Desktop Matters
Last week was a busy week for me. I was at San Jose attending Desktop Matters conference. It was just great. Thanks for Ben and Dion organizing it. I met so many people face to face for the first time although we emailed a lot in the past. In this conference, I announced that JIDE will open source JIDE Common Layer within next month. Here are some details.
JIDE Common Layer is a layer on top of Java Swing. When we developed all the JIDE components, we found that there were many missing features in Swing. Thus we created a JIDE Common Layer and included all those missing features. More and more features were added to this layer as we built more products. All other JIDE products heavily depend on this JIDE Common Layer. JIDE never sell this JIDE Common Layer separately. All JIDE customers get this layer (the jide-common.jar) for free when they purchase any of the JIDE products. So it is not a common layer just for JIDE products but also for our customers. By open sourcing this layer, we hope it will because a de-facto standard building block for any Java Swing applications.
JIDE Common Layer has around 100K lines of code as it is right now. It has over 40 components and utilities which greatly enhances the component set already provided by Swing. Since it is the foundation of all other JIDE products, we will keep enhancing this common layer including adding new components, adding new features to existing components and fixing bugs. We of course welcome other open source developers to contribute to this project and make it thrive.
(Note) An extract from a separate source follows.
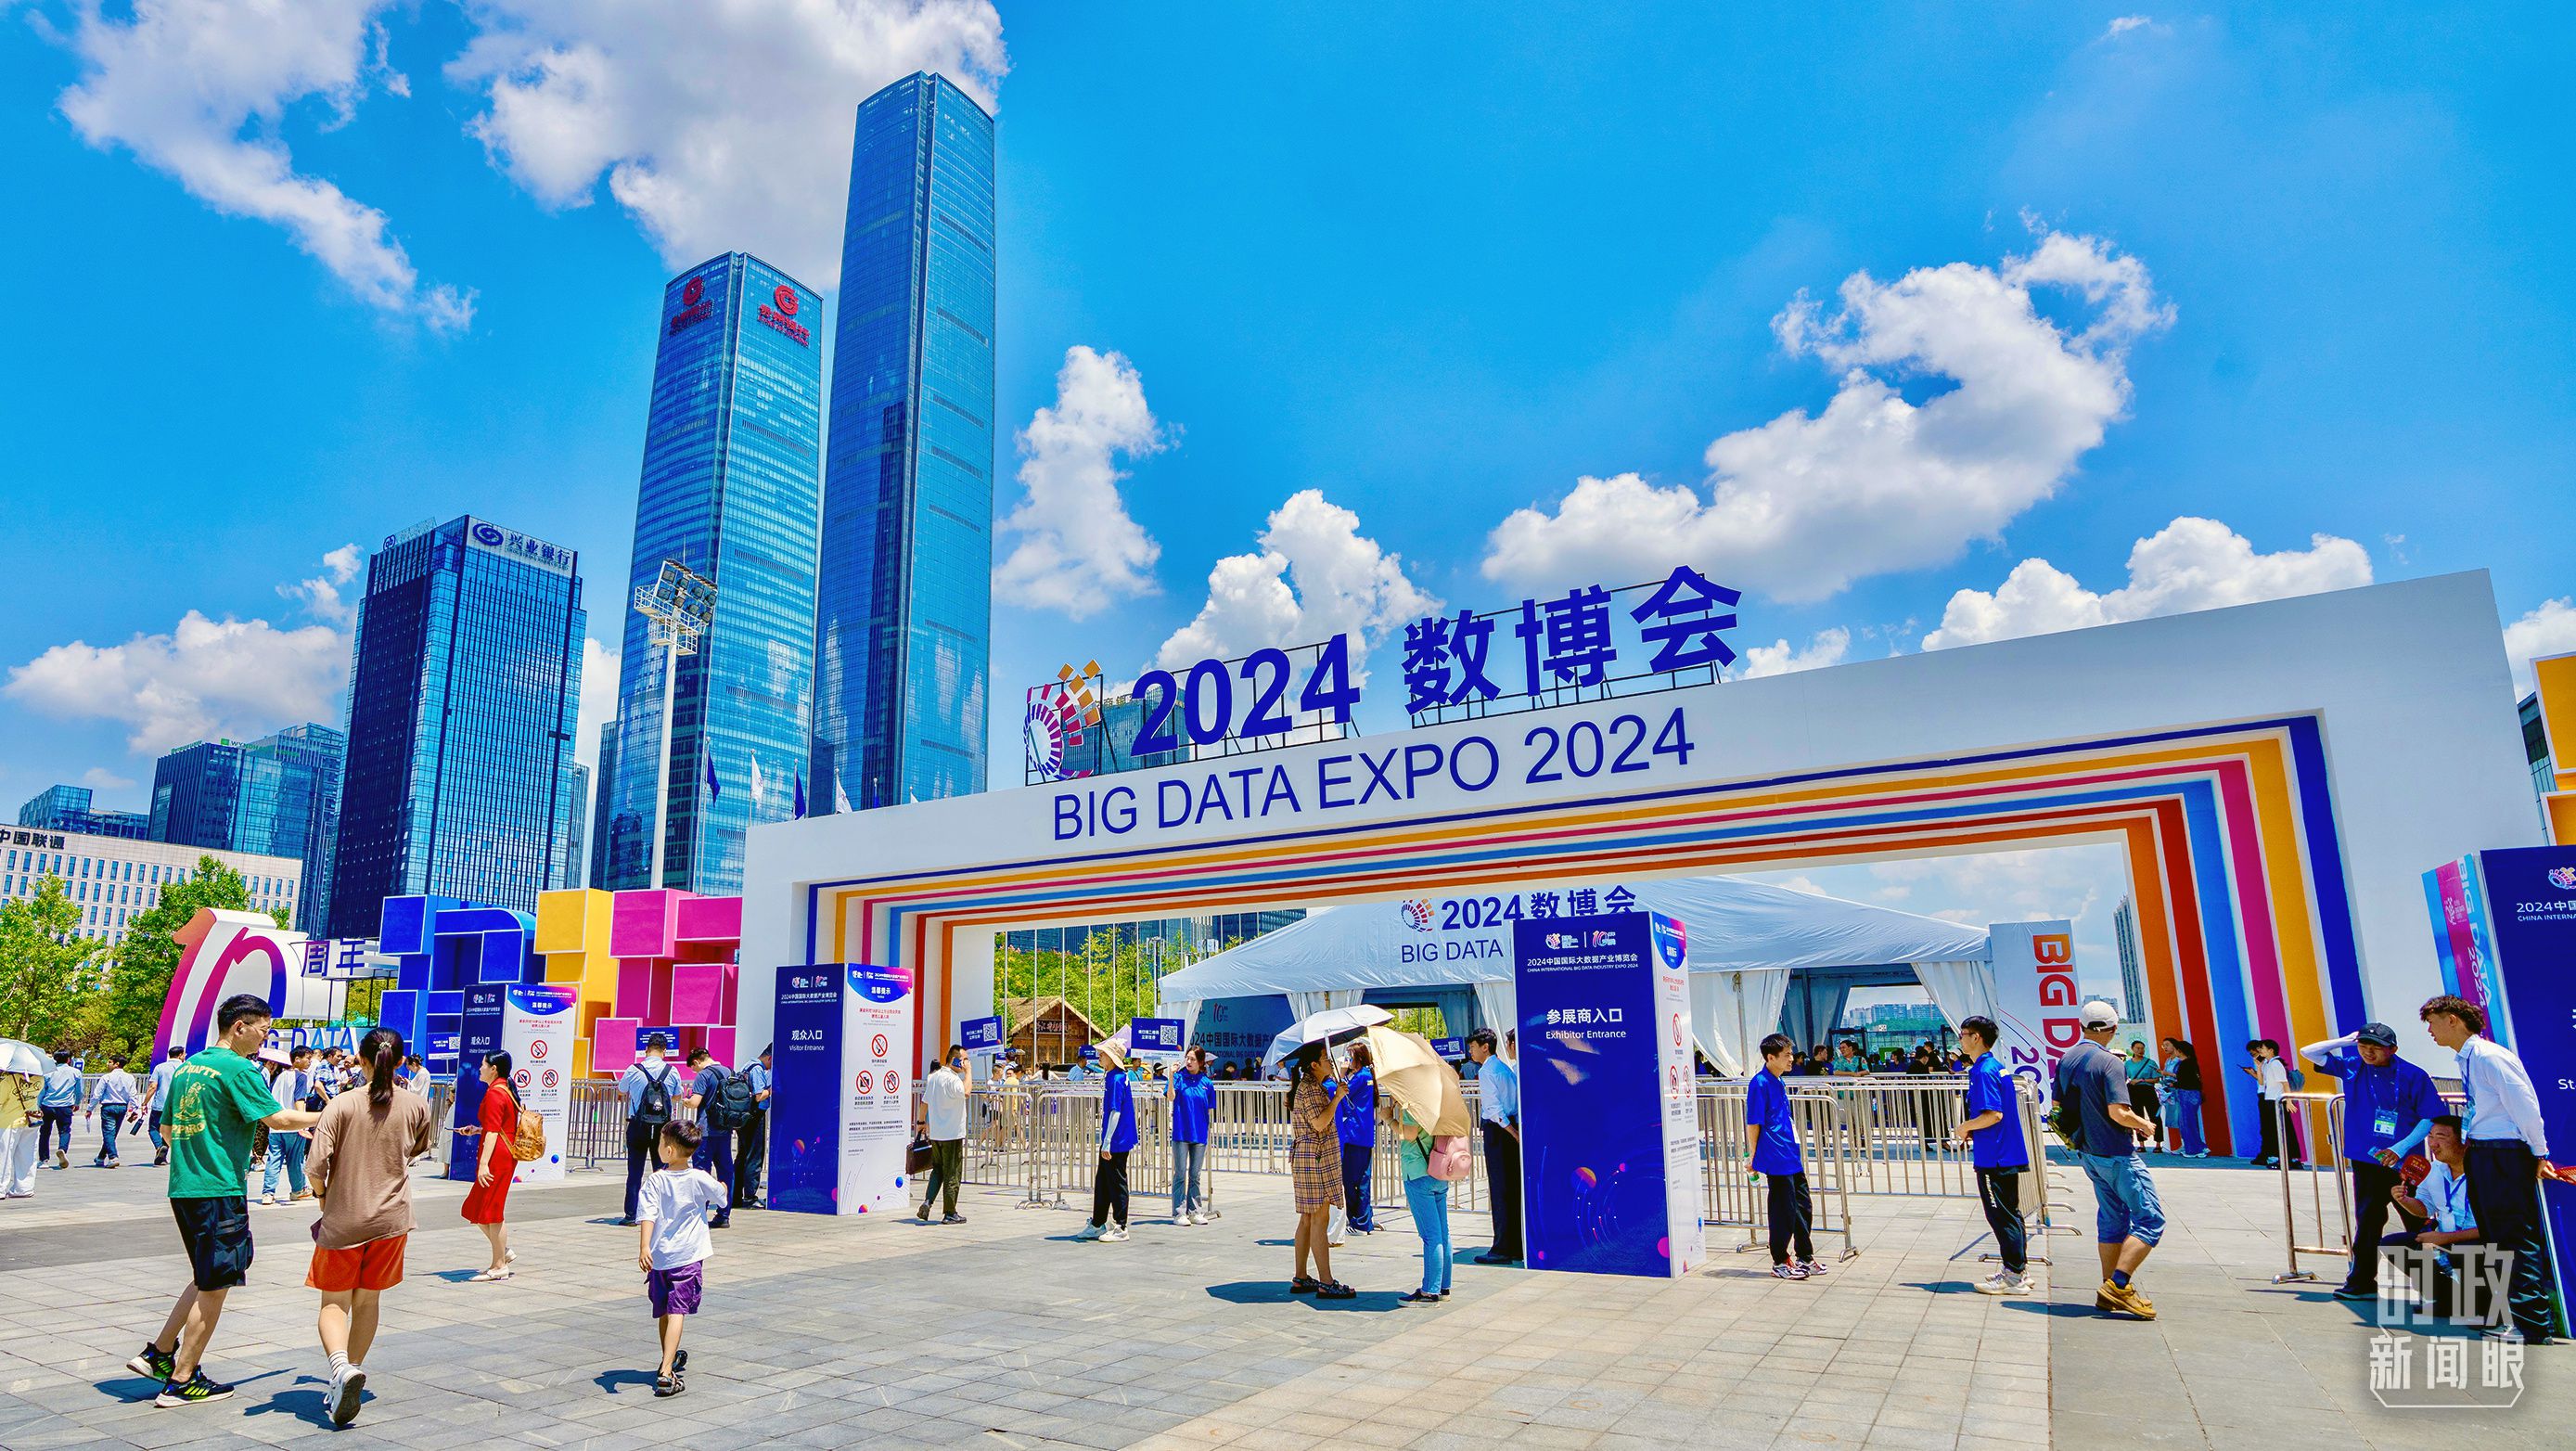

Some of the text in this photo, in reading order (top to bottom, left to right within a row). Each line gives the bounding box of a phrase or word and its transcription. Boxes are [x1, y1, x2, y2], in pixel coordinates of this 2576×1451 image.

JIDE promotes component reuse either in open source format or as commercial license. All existing JIDE products will remain as commercial licensed for companies who want a complete and high quality component solution. For the open sourced JIDE Common Layer, we will also provide a maintenance contract for those who will need a high quality technical support which you can’t find in most open source projects.
Well, this is the idea. We will find out soon how this works out. So stay tune for this great news!
Here is the news on Ben Galbraith’s Blog.



Bravo David for open-sourcing this stuff. I’m sure it was a tough decision, and I hope the community is properly appreciative of it. Thanks!